Your answer must be an exact copy of every record.

(Stored items)

%%

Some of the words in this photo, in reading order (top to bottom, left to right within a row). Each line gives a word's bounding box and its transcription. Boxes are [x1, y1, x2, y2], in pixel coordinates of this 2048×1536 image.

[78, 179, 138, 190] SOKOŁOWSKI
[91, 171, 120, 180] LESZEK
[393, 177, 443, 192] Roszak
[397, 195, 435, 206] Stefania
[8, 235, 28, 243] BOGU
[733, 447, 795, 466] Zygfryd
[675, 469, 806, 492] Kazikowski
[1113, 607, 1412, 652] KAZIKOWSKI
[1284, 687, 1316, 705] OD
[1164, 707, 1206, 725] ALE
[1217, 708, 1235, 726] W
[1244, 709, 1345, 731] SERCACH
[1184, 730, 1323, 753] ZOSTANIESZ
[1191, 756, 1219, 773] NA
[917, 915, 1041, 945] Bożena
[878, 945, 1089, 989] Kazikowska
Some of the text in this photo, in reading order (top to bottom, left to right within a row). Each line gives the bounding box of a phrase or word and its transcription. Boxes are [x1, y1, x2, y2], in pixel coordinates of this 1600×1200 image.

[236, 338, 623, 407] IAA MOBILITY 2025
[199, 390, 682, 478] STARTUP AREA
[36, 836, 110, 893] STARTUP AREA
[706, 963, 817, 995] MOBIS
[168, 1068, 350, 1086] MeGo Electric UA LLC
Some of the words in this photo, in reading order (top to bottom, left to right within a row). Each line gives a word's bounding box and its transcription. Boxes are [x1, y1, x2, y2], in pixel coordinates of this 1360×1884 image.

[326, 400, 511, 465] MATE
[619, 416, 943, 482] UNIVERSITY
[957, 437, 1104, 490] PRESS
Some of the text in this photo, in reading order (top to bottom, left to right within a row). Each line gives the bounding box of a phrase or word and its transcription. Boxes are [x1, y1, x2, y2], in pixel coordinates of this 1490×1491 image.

%%

**SOLVED EXERCISE:**
Some of the words in this photo, in reading order (top to bottom, left to right within a row). Each line gives a word's bounding box and its transcription. Boxes are [x1, y1, x2, y2], in pixel coordinates of this 2048×1536 image.

[78, 179, 138, 190] SOKOŁOWSKI
[91, 171, 120, 180] LESZEK
[393, 177, 443, 192] Roszak
[397, 195, 435, 206] Stefania
[8, 235, 28, 243] BOGU
[733, 447, 795, 466] Zygfryd
[675, 469, 806, 492] Kazikowski
[1113, 607, 1412, 652] KAZIKOWSKI
[1284, 687, 1316, 705] OD
[1164, 707, 1206, 725] ALE
[1217, 708, 1235, 726] W
[1244, 709, 1345, 731] SERCACH
[1184, 730, 1323, 753] ZOSTANIESZ
[1191, 756, 1219, 773] NA
[917, 915, 1041, 945] Bożena
[878, 945, 1089, 989] Kazikowska
Some of the text in this photo, in reading order (top to bottom, left to right within a row). Each line gives the bounding box of a phrase or word and its transcription. Boxes are [x1, y1, x2, y2], in pixel coordinates of this 1600×1200 image.

[236, 338, 623, 407] IAA MOBILITY 2025
[199, 390, 682, 478] STARTUP AREA
[36, 836, 110, 893] STARTUP AREA
[706, 963, 817, 995] MOBIS
[168, 1068, 350, 1086] MeGo Electric UA LLC
Some of the words in this photo, in reading order (top to bottom, left to right within a row). Each line gives a word's bounding box and its transcription. Boxes are [x1, y1, x2, y2], in pixel coordinates of this 1360×1884 image.

[326, 400, 511, 465] MATE
[619, 416, 943, 482] UNIVERSITY
[957, 437, 1104, 490] PRESS
Some of the text in this photo, in reading order (top to bottom, left to right within a row). Each line gives the bounding box of a phrase or word and its transcription. Boxes are [x1, y1, x2, y2], in pixel coordinates of this 1490×1491 image.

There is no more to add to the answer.